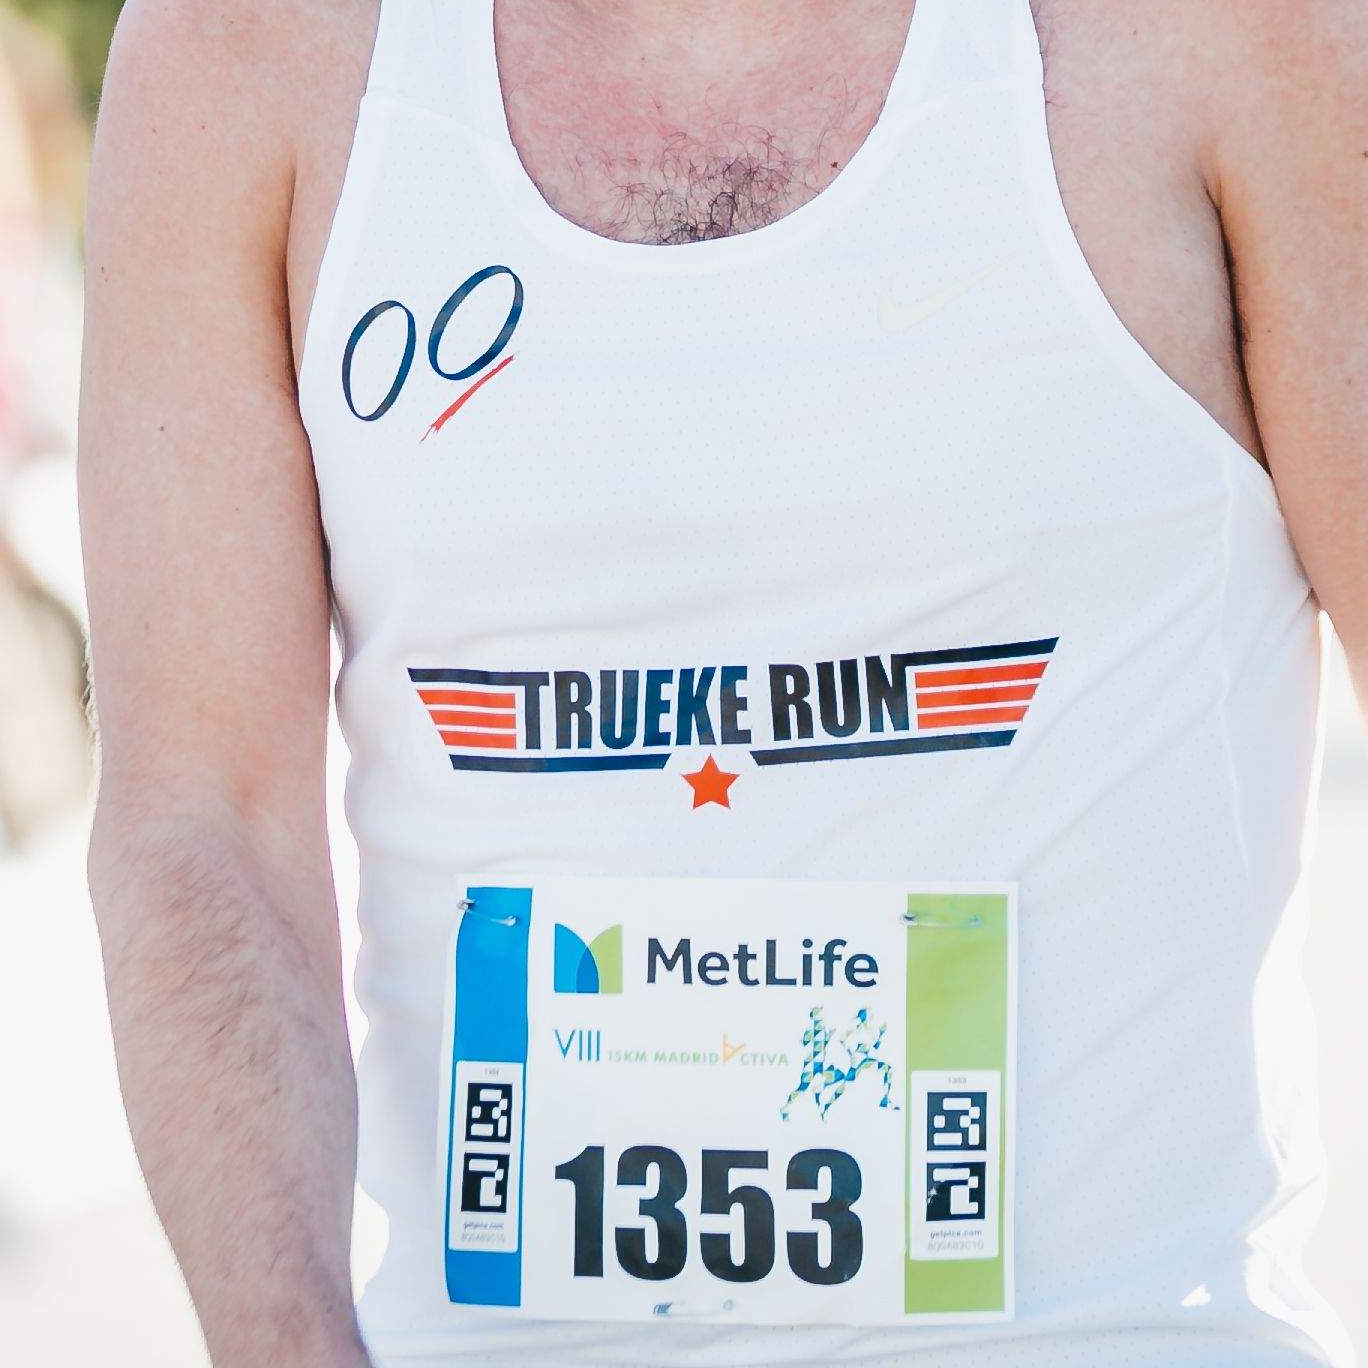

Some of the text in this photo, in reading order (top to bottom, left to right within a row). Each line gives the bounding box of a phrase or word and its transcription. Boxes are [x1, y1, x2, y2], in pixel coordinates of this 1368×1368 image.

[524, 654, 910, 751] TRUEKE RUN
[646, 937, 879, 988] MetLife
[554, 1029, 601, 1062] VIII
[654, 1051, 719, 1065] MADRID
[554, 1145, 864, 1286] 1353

-------------------------

Only the text of the records belongs in the answer; reproduce it verbatim, with no pictures.

### YOUR SOLUTION:
Some of the text in this photo, in reading order (top to bottom, left to right within a row). Each line gives the bounding box of a phrase or word and its transcription. Boxes are [x1, y1, x2, y2], in pixel coordinates of this 1368×1368 image.

[524, 654, 910, 751] TRUEKE RUN
[646, 937, 879, 988] MetLife
[554, 1029, 601, 1062] VIII
[654, 1051, 719, 1065] MADRID
[554, 1145, 864, 1286] 1353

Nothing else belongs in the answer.